9 RD optimized quantizer design

So far, we have designed the image compressor in two steps: (1) quantize the pixels ... trying to minimize the distortion, and (2) entropy encode (compress) the quantization indexes. However, if we assume that the entropy encoding performance is proportional to some rate-prediction metric, such as the entropy, it is possible to design the quantizer minizing the two RD variables (rate and distortion) at the same time [6].

However, there is not (yet) any known reason to think that this approach will be generate better RD curves that the one in which only the distortion is both parameters (R and D) are minimized independently. Besides, the joint optimization of R and D makes the quantizer dependent of the entropy codec, that reduces the flexility of the encoding system.

10 References

[1] V. González-Ruiz. Scalar Quantization.
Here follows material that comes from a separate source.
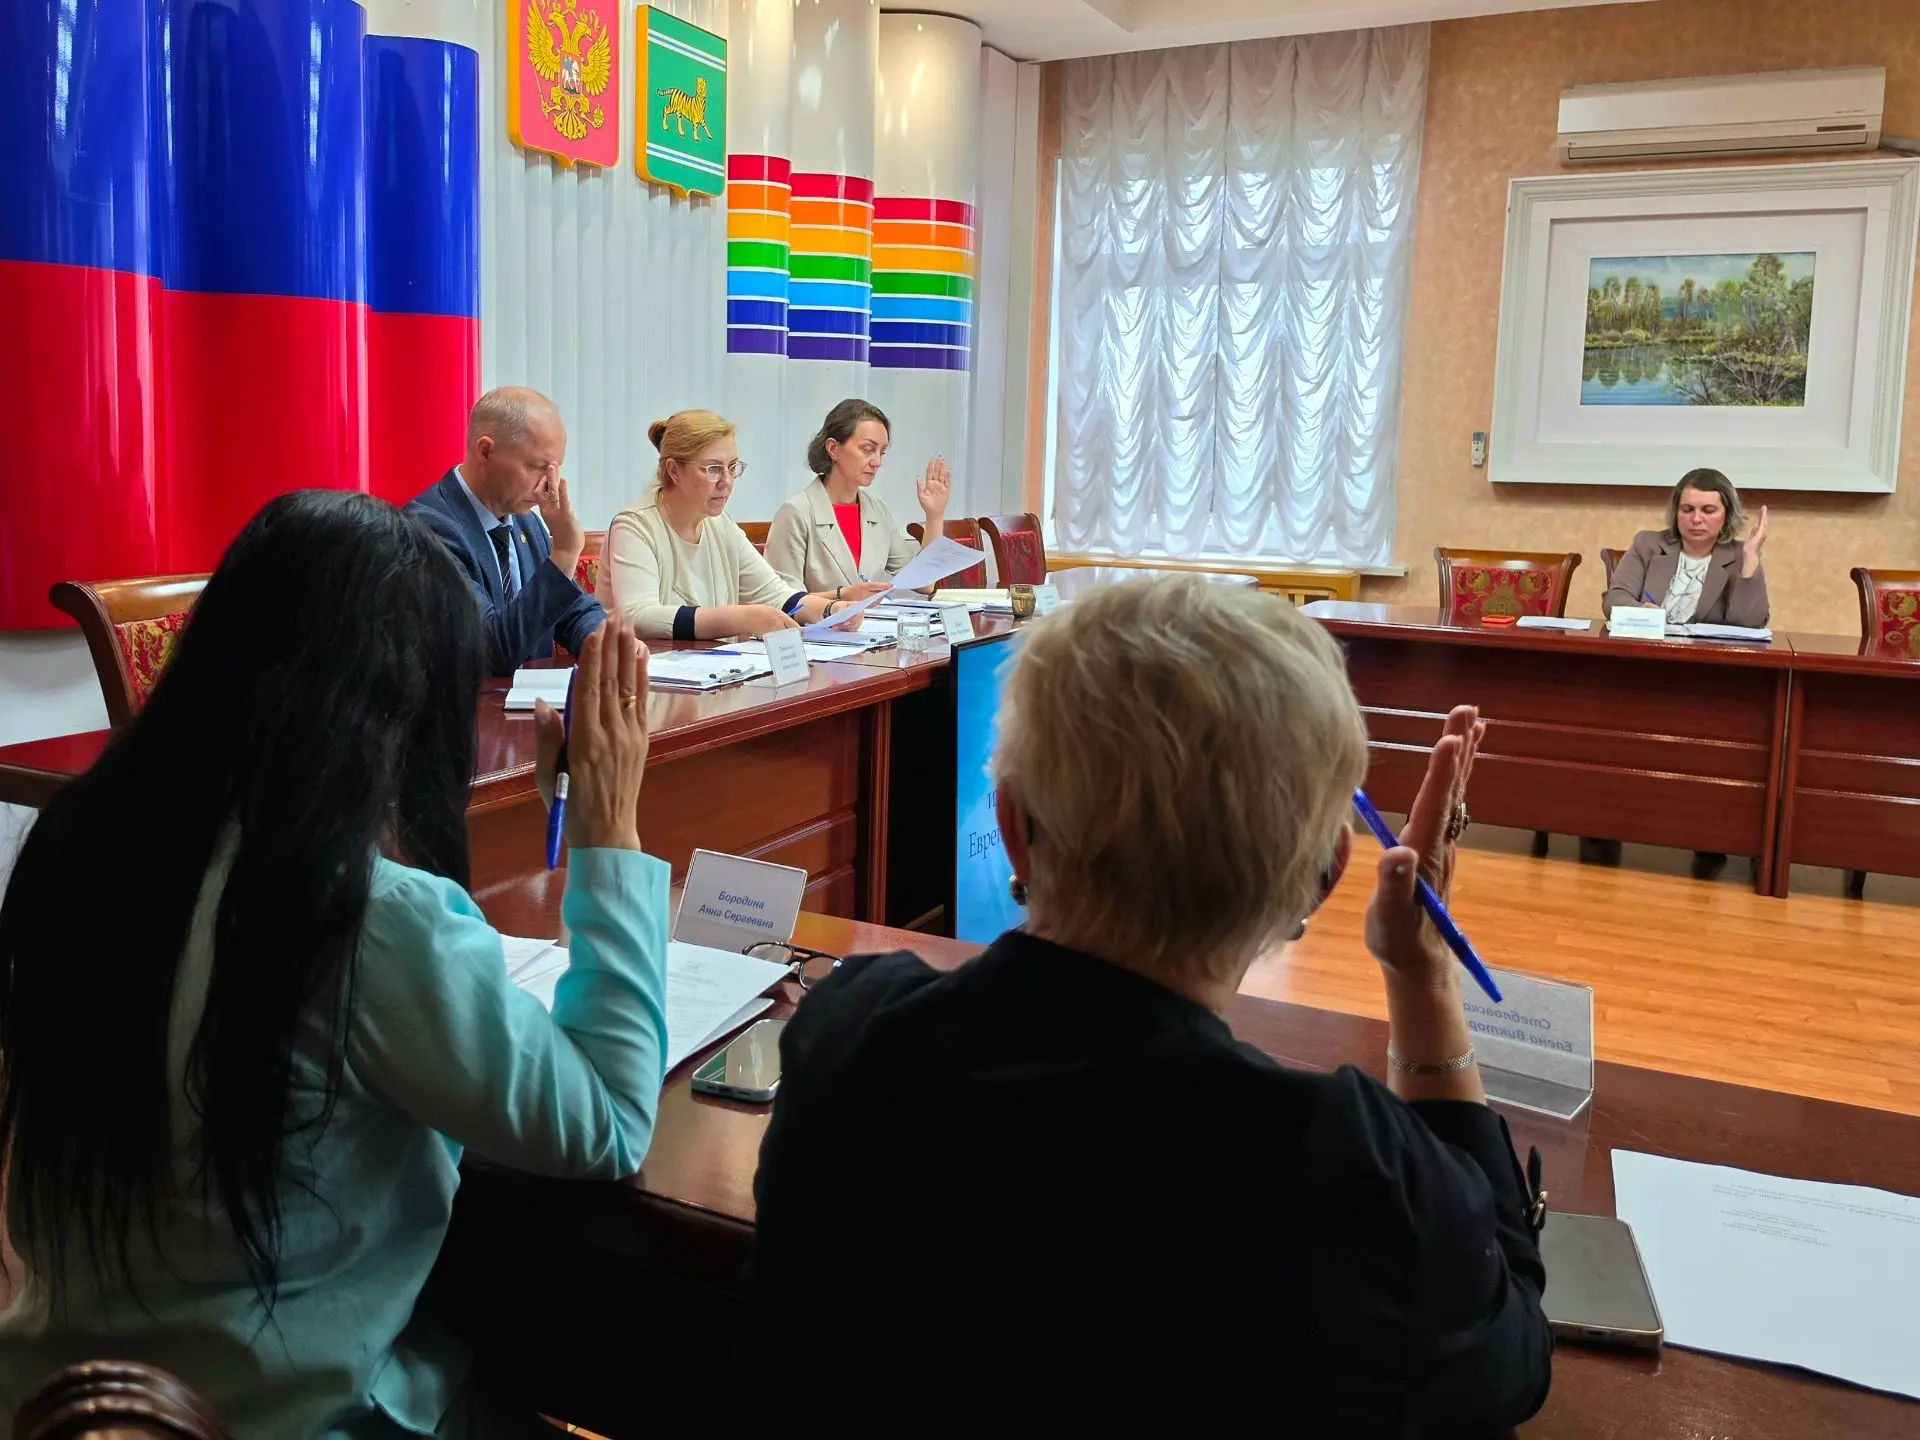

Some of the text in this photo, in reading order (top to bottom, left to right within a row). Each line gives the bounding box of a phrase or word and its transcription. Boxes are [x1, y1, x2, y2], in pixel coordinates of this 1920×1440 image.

[2] V. González-Ruiz. Signal Quantization.

[3] John A Hartigan and Manchek A Wong. Algorithm AS 136: A k-means clustering algorithm. Journal of the royal statistical society. series c (applied statistics), 28(1):100–108, 1979.

[4] Nuggehally S. Jayant. Digital coding of speech waveforms: PCM, DPCM, and DM quantizers. Proceedings of the IEEE, 62(5):611–632, 1974.
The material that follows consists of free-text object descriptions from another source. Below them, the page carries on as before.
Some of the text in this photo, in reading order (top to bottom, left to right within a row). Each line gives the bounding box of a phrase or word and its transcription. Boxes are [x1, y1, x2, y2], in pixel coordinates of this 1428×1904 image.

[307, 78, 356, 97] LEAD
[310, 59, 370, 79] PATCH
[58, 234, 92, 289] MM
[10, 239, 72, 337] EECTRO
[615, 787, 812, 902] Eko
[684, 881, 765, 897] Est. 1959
[5] Stuart Lloyd. Least squares quantization in PCM. IEEE transactions on information theory, 28(2):129–137, 1982.

[6] K. Sayood. Introduction to Data Compression (Slides). Morgan Kaufmann, 2017.

[7] M. Vetterli, J. Kovačević, and V.K. Goyal. Foundations of Signal Processing. Cambridge University Press, 2014.

¹Notice that, by definition, dead-zone quantizers should not be considered uniform, and that all dead-zone quantizers, by definition, are mid-tread.

²Such as it happens with audio CD data.

³At least, from a pure-distortion point of view.

⁴Such as it happens with audio CD data.

⁵At least, from a pure-distortion point of view.